Approda sul palco del Teatro Nuovo di Verona, dal 27 al 31 gennaio 2026, “Il medico dei maiali”, nuova produzione teatrale scritta e diretta da Davide Sacco, con Luca Bizzarri, Francesco Montanari, David Sebasti, Mauro Marino e Luigi Cosimelli. Lo spettacolo fa parte della storica rassegna Grande Teatro, organizzata dal Comune di Verona in collaborazione con Fondazione Atlantide Teatro Stabile di Verona.
La pièce è il terzo capitolo della trilogia “La ballata degli uomini bestia” (Caracò Editore), già vincitrice del Premio Nuove Sensibilità 2022, e si configura come una commedia grottesca, tagliente e surreale, capace di unire ironia e critica sociale.
Una corona, un temporale e un veterinario: il potere nelle mani sbagliate
La trama ruota attorno alla morte improvvisa del re d’Inghilterra, stroncato da un malore durante l’inaugurazione di un hotel in Scozia. Bloccato da un temporale, il medico ufficiale non riesce a intervenire, così a certificare il decesso viene chiamato l’unico medico disponibile: un veterinario specializzato in suini.
La diagnosi ufficiale parla di infarto, ma il veterinario comprende subito che qualcosa non torna. Decide comunque di assecondare la versione dei consiglieri di corte, entrando così in un gioco ambiguo dove la verità cede il passo all’opportunismo.
Quando sul luogo arriva il principe ereditario, un giovane disorientato e inconsapevole del proprio ruolo, la situazione precipita nel paradosso. Vestito da nazista per via di una festa a tema durante il gay pride, il nuovo re si rivela incapace persino di scrivere il proprio discorso alla nazione. A quel punto, il veterinario intuisce che può salire di grado, ma per farlo dovrà muoversi con astuzia tra ambizioni personali e un potere vacillante.
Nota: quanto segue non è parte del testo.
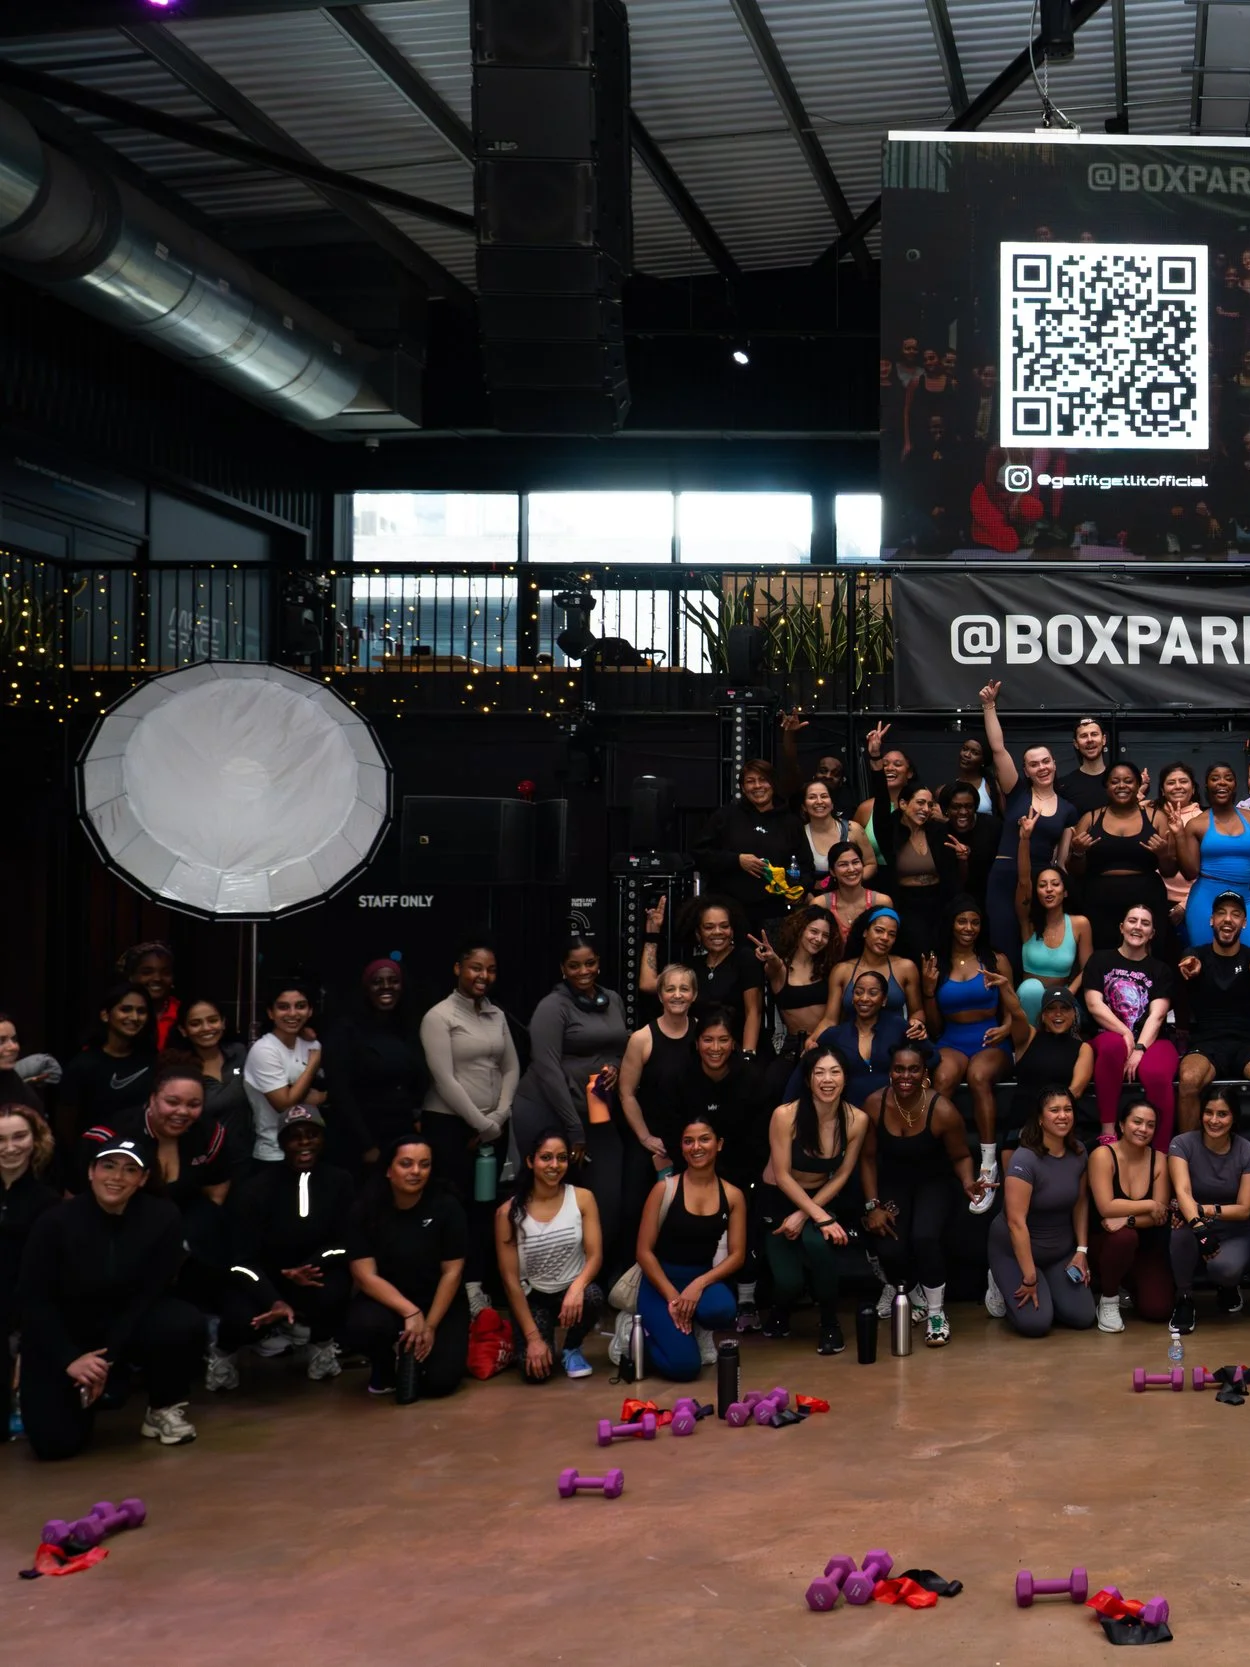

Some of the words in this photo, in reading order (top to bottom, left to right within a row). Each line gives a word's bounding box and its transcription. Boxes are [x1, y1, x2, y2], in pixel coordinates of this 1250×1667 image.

[1036, 473, 1209, 490] @getfitgetlitofficial
[358, 895, 398, 908] STAFF
[400, 895, 434, 908] ONLY
Satira e grottesco per raccontare l’assurdo del potere
“Il medico dei maiali” è una satira contemporanea pungente, che utilizza il grottesco come lente di ingrandimento per osservare la fragilità delle istituzioni e l’assurdità dei meccanismi del potere.
La pièce mette in scena una monarchia ridicolizzata, dove l’autorità passa dalle mani di un defunto re a un figlio sprovveduto, mentre il vero potere sembra scivolare silenziosamente verso chi è abbastanza scaltro da cogliere l’occasione, anche se inadatto.
Il testo di Sacco alterna momenti di comicità surreale a riflessioni amare, sostenuto da un cast di grande esperienza, con Luca Bizzarri nel ruolo del cinico veterinario e Francesco Montanari nei panni del principe fuori luogo.
Un appuntamento da non perdere per gli amanti del teatro d’autore
Con uno stile che unisce ironia, critica politica e dinamiche grottesche, “Il medico dei maiali” è uno degli appuntamenti più attesi del cartellone 2025/2026 del Grande Teatro. Uno spettacolo capace di far ridere e riflettere, che mette in discussione il significato del potere e le logiche che lo regolano.
Lo spettacolo andrà in scena ogni sera alle ore 20.45, dal 27 al 31 gennaio, presso il Teatro Nuovo di Verona.